What the exercise asks – Every entry is to be written out word for word.

Text-to-region grounding data:
↓

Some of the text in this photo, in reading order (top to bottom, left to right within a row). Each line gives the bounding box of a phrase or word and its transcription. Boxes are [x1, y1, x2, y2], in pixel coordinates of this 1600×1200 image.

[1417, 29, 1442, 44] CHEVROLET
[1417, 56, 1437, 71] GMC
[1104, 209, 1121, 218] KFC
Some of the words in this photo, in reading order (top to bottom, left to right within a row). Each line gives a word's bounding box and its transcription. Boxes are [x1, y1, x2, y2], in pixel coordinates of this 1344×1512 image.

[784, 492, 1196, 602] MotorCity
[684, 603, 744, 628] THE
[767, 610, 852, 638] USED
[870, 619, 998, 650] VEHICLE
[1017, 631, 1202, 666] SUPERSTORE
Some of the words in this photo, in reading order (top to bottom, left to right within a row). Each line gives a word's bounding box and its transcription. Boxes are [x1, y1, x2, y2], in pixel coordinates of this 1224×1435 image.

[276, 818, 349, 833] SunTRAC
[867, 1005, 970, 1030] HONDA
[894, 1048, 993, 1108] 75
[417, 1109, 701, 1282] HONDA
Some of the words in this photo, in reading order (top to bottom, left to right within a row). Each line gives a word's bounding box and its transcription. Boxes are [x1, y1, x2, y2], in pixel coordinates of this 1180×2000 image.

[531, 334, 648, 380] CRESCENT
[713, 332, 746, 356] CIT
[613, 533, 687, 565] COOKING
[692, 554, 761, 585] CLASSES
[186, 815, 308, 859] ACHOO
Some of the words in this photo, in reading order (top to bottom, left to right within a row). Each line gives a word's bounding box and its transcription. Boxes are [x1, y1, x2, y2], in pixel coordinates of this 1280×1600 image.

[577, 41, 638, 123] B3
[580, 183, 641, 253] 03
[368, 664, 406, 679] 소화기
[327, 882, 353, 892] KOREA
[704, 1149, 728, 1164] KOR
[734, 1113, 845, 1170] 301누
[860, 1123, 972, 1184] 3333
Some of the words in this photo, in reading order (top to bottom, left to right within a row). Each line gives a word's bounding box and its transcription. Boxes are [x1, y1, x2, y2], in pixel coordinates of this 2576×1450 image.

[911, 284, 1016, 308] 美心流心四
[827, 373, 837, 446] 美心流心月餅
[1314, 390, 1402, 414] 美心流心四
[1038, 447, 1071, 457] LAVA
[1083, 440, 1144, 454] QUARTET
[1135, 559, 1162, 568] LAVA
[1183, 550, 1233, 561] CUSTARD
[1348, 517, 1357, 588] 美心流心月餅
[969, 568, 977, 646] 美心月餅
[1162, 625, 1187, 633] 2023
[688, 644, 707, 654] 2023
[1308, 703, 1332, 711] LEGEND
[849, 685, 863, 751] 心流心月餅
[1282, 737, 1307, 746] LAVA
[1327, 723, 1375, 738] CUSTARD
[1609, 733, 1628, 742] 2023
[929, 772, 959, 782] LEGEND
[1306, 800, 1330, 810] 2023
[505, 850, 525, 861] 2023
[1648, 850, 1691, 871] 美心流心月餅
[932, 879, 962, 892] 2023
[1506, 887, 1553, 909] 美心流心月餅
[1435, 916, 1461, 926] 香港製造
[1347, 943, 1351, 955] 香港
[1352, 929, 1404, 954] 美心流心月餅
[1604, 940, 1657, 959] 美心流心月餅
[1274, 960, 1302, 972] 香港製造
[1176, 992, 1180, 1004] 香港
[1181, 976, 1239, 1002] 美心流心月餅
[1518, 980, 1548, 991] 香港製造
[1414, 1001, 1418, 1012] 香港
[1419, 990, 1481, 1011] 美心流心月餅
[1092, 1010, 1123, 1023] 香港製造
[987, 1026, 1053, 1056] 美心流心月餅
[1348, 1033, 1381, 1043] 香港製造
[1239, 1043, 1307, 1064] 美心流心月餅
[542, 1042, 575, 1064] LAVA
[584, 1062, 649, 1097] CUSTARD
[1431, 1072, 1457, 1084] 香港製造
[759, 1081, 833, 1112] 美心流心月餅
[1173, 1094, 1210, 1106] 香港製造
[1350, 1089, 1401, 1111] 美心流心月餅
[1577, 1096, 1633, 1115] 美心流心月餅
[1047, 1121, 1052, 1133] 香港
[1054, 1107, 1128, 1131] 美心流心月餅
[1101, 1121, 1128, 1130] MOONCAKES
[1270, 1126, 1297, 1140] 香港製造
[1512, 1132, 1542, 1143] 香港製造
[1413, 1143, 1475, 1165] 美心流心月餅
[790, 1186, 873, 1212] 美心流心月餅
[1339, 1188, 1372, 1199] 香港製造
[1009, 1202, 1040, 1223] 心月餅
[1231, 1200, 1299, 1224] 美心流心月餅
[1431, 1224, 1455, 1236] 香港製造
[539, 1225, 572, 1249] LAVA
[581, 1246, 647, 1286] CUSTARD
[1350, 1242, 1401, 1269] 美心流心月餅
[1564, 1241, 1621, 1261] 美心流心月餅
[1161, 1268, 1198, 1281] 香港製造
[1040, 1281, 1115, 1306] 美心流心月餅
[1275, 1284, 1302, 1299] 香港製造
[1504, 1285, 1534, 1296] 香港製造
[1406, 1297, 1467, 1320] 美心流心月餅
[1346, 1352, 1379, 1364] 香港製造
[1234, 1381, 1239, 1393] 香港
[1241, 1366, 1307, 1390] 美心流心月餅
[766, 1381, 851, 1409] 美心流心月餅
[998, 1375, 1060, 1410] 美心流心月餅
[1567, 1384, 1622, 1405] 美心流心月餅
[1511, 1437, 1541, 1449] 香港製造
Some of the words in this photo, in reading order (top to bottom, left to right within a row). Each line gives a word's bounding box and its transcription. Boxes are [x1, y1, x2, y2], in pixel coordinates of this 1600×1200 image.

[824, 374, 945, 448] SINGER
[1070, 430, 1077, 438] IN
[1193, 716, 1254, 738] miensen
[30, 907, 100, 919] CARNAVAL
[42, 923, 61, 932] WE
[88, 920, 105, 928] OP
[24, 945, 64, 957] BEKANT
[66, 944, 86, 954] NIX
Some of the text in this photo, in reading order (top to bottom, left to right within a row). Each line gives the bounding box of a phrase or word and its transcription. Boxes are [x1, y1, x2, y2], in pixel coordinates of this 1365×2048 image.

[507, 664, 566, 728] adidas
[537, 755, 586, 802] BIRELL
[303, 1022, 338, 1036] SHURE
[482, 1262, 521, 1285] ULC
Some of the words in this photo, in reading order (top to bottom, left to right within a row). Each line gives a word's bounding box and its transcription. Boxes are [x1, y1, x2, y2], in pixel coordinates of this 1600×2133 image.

↑

Written solution –
Some of the text in this photo, in reading order (top to bottom, left to right within a row). Each line gives the bounding box of a phrase or word and its transcription. Boxes are [x1, y1, x2, y2], in pixel coordinates of this 1600×1200 image.

[1417, 29, 1442, 44] CHEVROLET
[1417, 56, 1437, 71] GMC
[1104, 209, 1121, 218] KFC
Some of the words in this photo, in reading order (top to bottom, left to right within a row). Each line gives a word's bounding box and its transcription. Boxes are [x1, y1, x2, y2], in pixel coordinates of this 1344×1512 image.

[784, 492, 1196, 602] MotorCity
[684, 603, 744, 628] THE
[767, 610, 852, 638] USED
[870, 619, 998, 650] VEHICLE
[1017, 631, 1202, 666] SUPERSTORE
Some of the words in this photo, in reading order (top to bottom, left to right within a row). Each line gives a word's bounding box and its transcription. Boxes are [x1, y1, x2, y2], in pixel coordinates of this 1224×1435 image.

[276, 818, 349, 833] SunTRAC
[867, 1005, 970, 1030] HONDA
[894, 1048, 993, 1108] 75
[417, 1109, 701, 1282] HONDA
Some of the words in this photo, in reading order (top to bottom, left to right within a row). Each line gives a word's bounding box and its transcription. Boxes are [x1, y1, x2, y2], in pixel coordinates of this 1180×2000 image.

[531, 334, 648, 380] CRESCENT
[713, 332, 746, 356] CIT
[613, 533, 687, 565] COOKING
[692, 554, 761, 585] CLASSES
[186, 815, 308, 859] ACHOO
Some of the words in this photo, in reading order (top to bottom, left to right within a row). Each line gives a word's bounding box and its transcription. Boxes are [x1, y1, x2, y2], in pixel coordinates of this 1280×1600 image.

[577, 41, 638, 123] B3
[580, 183, 641, 253] 03
[368, 664, 406, 679] 소화기
[327, 882, 353, 892] KOREA
[704, 1149, 728, 1164] KOR
[734, 1113, 845, 1170] 301누
[860, 1123, 972, 1184] 3333
Some of the words in this photo, in reading order (top to bottom, left to right within a row). Each line gives a word's bounding box and its transcription. Boxes are [x1, y1, x2, y2], in pixel coordinates of this 2576×1450 image.

[911, 284, 1016, 308] 美心流心四
[827, 373, 837, 446] 美心流心月餅
[1314, 390, 1402, 414] 美心流心四
[1038, 447, 1071, 457] LAVA
[1083, 440, 1144, 454] QUARTET
[1135, 559, 1162, 568] LAVA
[1183, 550, 1233, 561] CUSTARD
[1348, 517, 1357, 588] 美心流心月餅
[969, 568, 977, 646] 美心月餅
[1162, 625, 1187, 633] 2023
[688, 644, 707, 654] 2023
[1308, 703, 1332, 711] LEGEND
[849, 685, 863, 751] 心流心月餅
[1282, 737, 1307, 746] LAVA
[1327, 723, 1375, 738] CUSTARD
[1609, 733, 1628, 742] 2023
[929, 772, 959, 782] LEGEND
[1306, 800, 1330, 810] 2023
[505, 850, 525, 861] 2023
[1648, 850, 1691, 871] 美心流心月餅
[932, 879, 962, 892] 2023
[1506, 887, 1553, 909] 美心流心月餅
[1435, 916, 1461, 926] 香港製造
[1347, 943, 1351, 955] 香港
[1352, 929, 1404, 954] 美心流心月餅
[1604, 940, 1657, 959] 美心流心月餅
[1274, 960, 1302, 972] 香港製造
[1176, 992, 1180, 1004] 香港
[1181, 976, 1239, 1002] 美心流心月餅
[1518, 980, 1548, 991] 香港製造
[1414, 1001, 1418, 1012] 香港
[1419, 990, 1481, 1011] 美心流心月餅
[1092, 1010, 1123, 1023] 香港製造
[987, 1026, 1053, 1056] 美心流心月餅
[1348, 1033, 1381, 1043] 香港製造
[1239, 1043, 1307, 1064] 美心流心月餅
[542, 1042, 575, 1064] LAVA
[584, 1062, 649, 1097] CUSTARD
[1431, 1072, 1457, 1084] 香港製造
[759, 1081, 833, 1112] 美心流心月餅
[1173, 1094, 1210, 1106] 香港製造
[1350, 1089, 1401, 1111] 美心流心月餅
[1577, 1096, 1633, 1115] 美心流心月餅
[1047, 1121, 1052, 1133] 香港
[1054, 1107, 1128, 1131] 美心流心月餅
[1101, 1121, 1128, 1130] MOONCAKES
[1270, 1126, 1297, 1140] 香港製造
[1512, 1132, 1542, 1143] 香港製造
[1413, 1143, 1475, 1165] 美心流心月餅
[790, 1186, 873, 1212] 美心流心月餅
[1339, 1188, 1372, 1199] 香港製造
[1009, 1202, 1040, 1223] 心月餅
[1231, 1200, 1299, 1224] 美心流心月餅
[1431, 1224, 1455, 1236] 香港製造
[539, 1225, 572, 1249] LAVA
[581, 1246, 647, 1286] CUSTARD
[1350, 1242, 1401, 1269] 美心流心月餅
[1564, 1241, 1621, 1261] 美心流心月餅
[1161, 1268, 1198, 1281] 香港製造
[1040, 1281, 1115, 1306] 美心流心月餅
[1275, 1284, 1302, 1299] 香港製造
[1504, 1285, 1534, 1296] 香港製造
[1406, 1297, 1467, 1320] 美心流心月餅
[1346, 1352, 1379, 1364] 香港製造
[1234, 1381, 1239, 1393] 香港
[1241, 1366, 1307, 1390] 美心流心月餅
[766, 1381, 851, 1409] 美心流心月餅
[998, 1375, 1060, 1410] 美心流心月餅
[1567, 1384, 1622, 1405] 美心流心月餅
[1511, 1437, 1541, 1449] 香港製造
Some of the words in this photo, in reading order (top to bottom, left to right within a row). Each line gives a word's bounding box and its transcription. Boxes are [x1, y1, x2, y2], in pixel coordinates of this 1600×1200 image.

[824, 374, 945, 448] SINGER
[1070, 430, 1077, 438] IN
[1193, 716, 1254, 738] miensen
[30, 907, 100, 919] CARNAVAL
[42, 923, 61, 932] WE
[88, 920, 105, 928] OP
[24, 945, 64, 957] BEKANT
[66, 944, 86, 954] NIX
Some of the text in this photo, in reading order (top to bottom, left to right within a row). Each line gives the bounding box of a phrase or word and its transcription. Boxes are [x1, y1, x2, y2], in pixel coordinates of this 1365×2048 image.

[507, 664, 566, 728] adidas
[537, 755, 586, 802] BIRELL
[303, 1022, 338, 1036] SHURE
[482, 1262, 521, 1285] ULC
Some of the words in this photo, in reading order (top to bottom, left to right within a row). Each line gives a word's bounding box and its transcription. Boxes are [x1, y1, x2, y2], in pixel coordinates of this 1600×2133 image.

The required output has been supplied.